Dillon Steuer  is an American professional racing driver. He last competed part-time in the NASCAR Camping World Truck Series driving the No. 20 Chevrolet Silverado for Young's Motorsports.

Racing career

Early career
Steuer, who comes from a racing family, started racing at age 10 after watching his father race at Riverhead Raceway in Long Island, New York. In 2016, Steuer's father retired in order to support his son's career.

Whelen Modified Tour
Steuer made his NASCAR Whelen Modified Tour debut in 2017 at the Riverhead Raceway, finishing 9th. He also ran at Thompson Speedway, finishing 22nd, and again at Riverhead, finishing 7th.

Camping World Truck Series
Steuer was announced to make his debut in the NASCAR Camping World Truck Series, running the No. 20 Chevrolet Silverado for Young's Motorsports in the 2022 Blue-Emu Maximum Pain Relief 200 at Martinsville Speedway. Steuer failed to finish the race, coming home in 32nd due to an accident.

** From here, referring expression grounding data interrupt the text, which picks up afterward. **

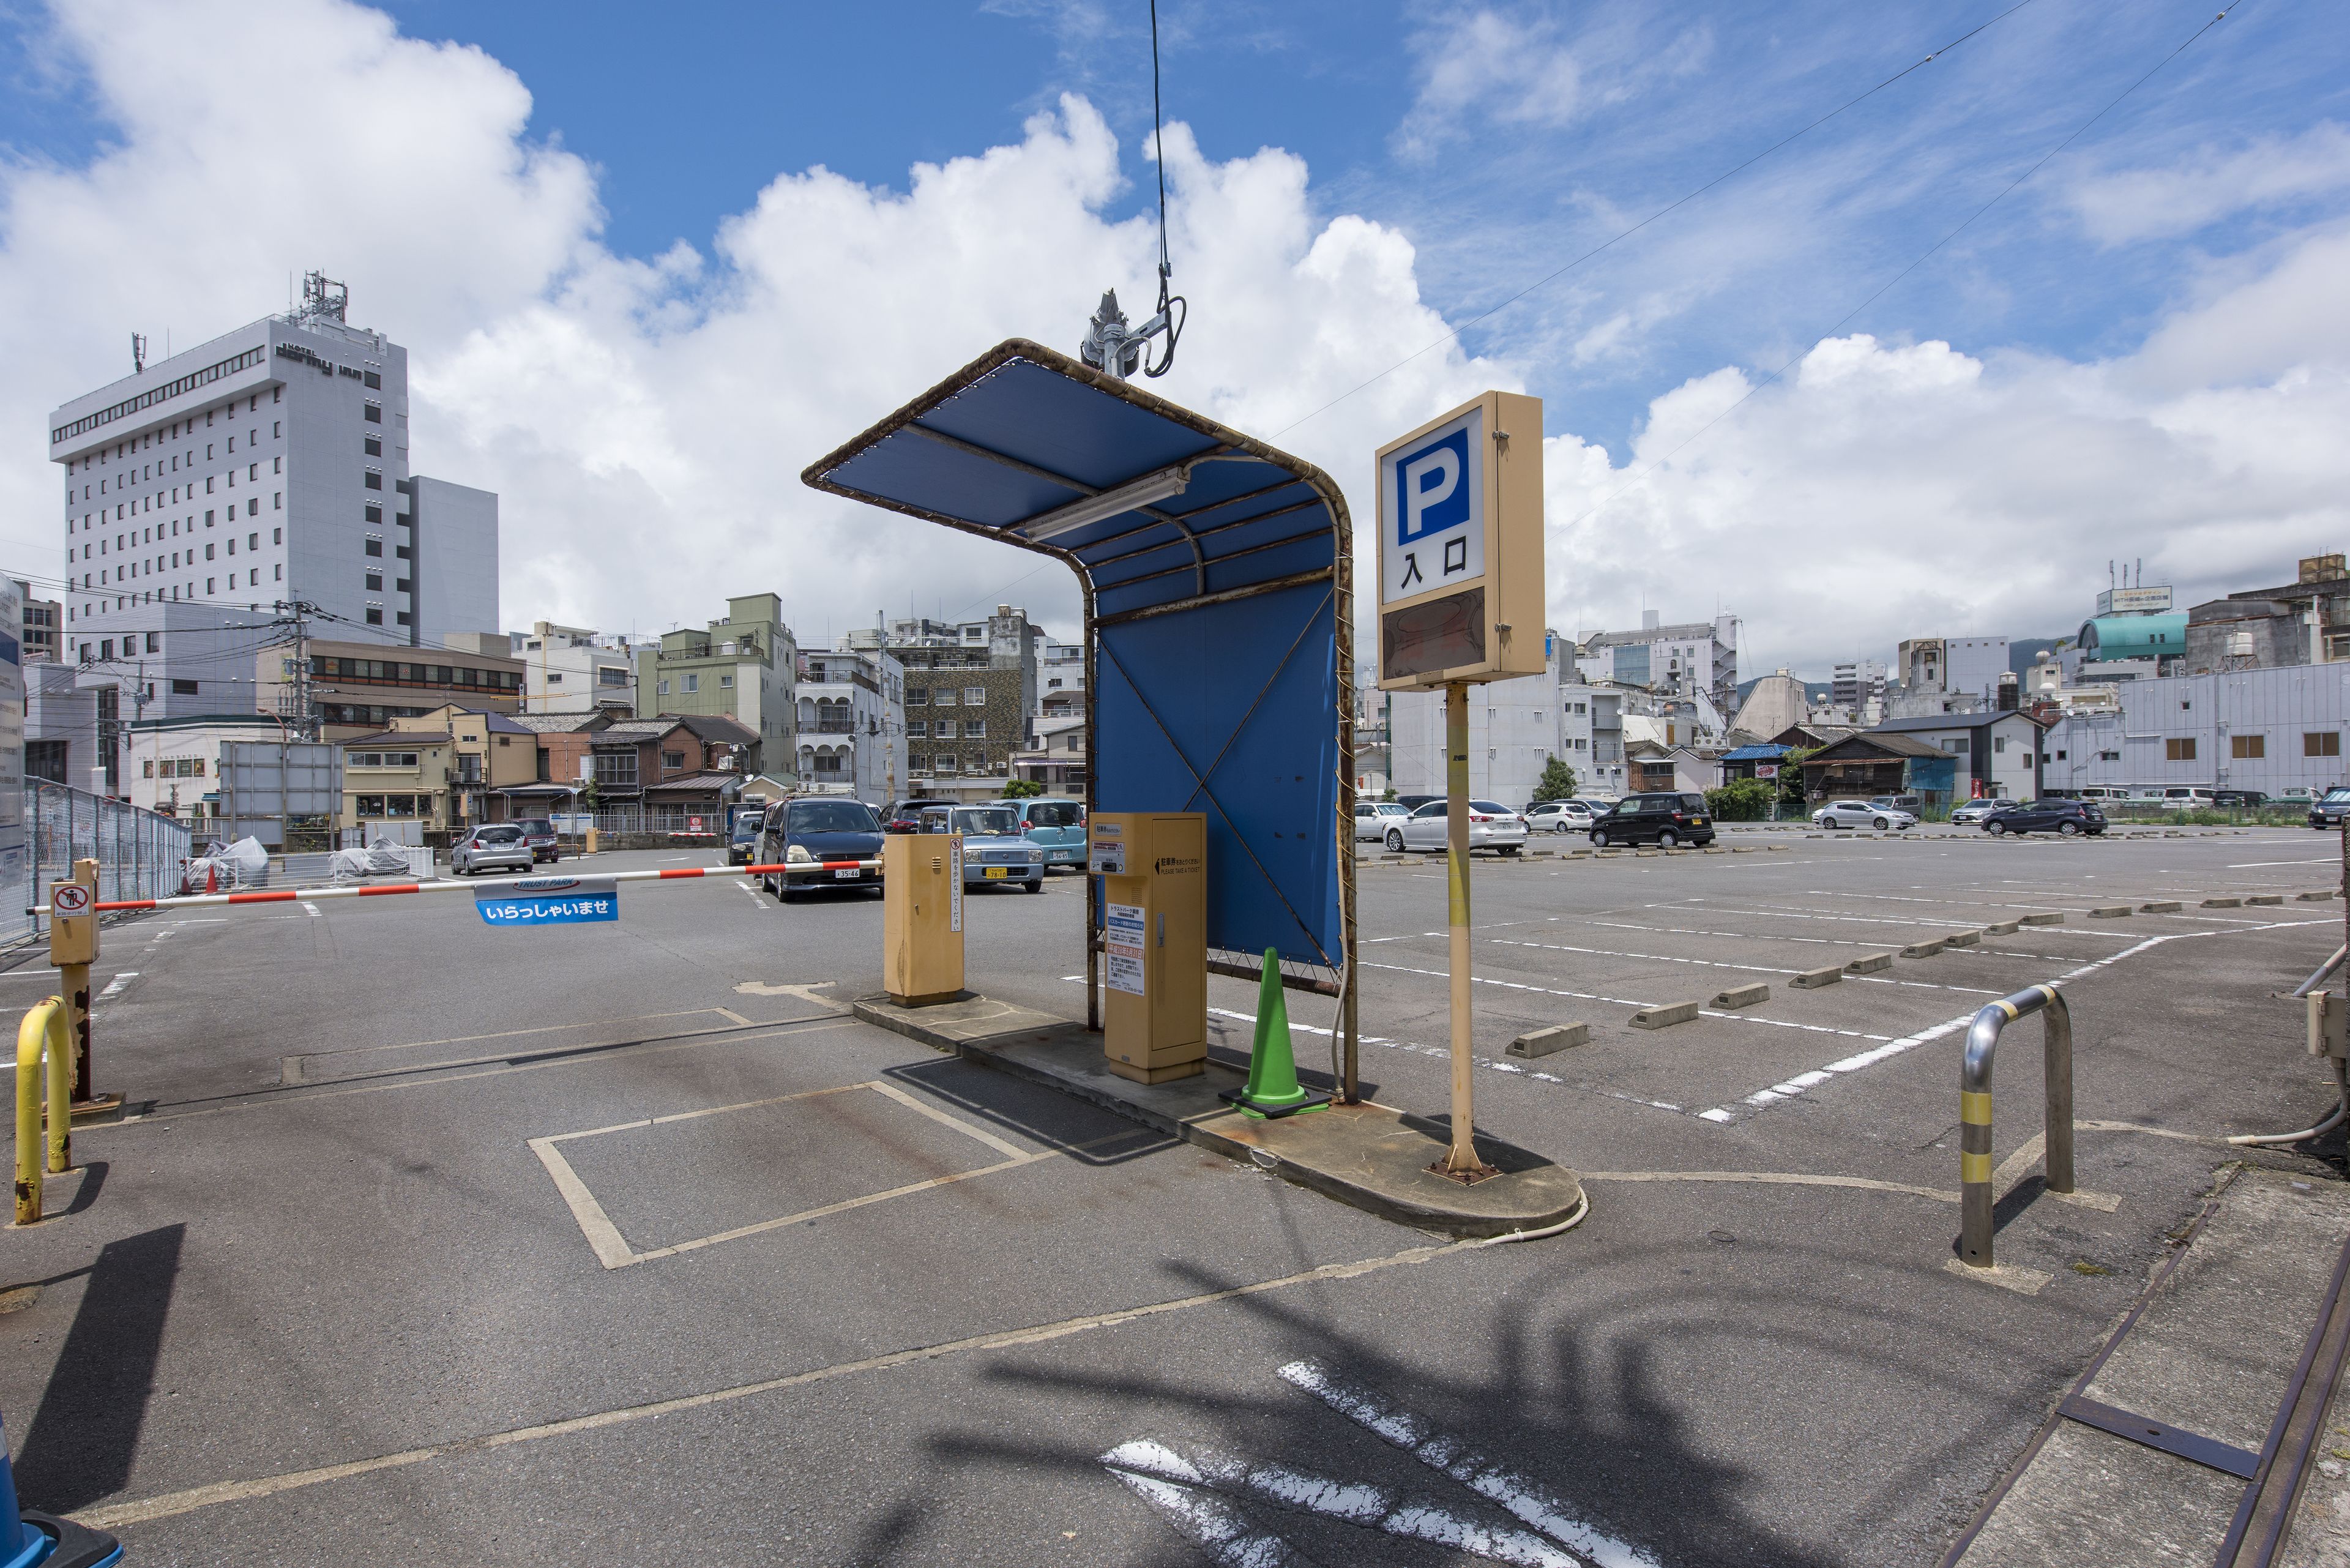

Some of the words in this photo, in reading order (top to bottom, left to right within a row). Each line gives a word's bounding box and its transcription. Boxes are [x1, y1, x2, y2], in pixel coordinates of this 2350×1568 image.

[275, 343, 332, 376] dormy
[338, 364, 362, 381] inn
[288, 343, 317, 356] HOTEL
[1406, 447, 1460, 536] P
[1401, 536, 1466, 589] 入口
[518, 879, 549, 888] TRUST
[487, 900, 608, 919] いらっしゃいませ

Motorsports career results

NASCAR
(key) (Bold – Pole position awarded by qualifying time. Italics – Pole position earned by points standings or practice time. * – Most laps led.)

Camping World Truck Series

Whelen Modified Tour

 Season still in progress
 Ineligible for series points

References

External links
 

Living people
NASCAR drivers
2002 births
Racing drivers from New York (state)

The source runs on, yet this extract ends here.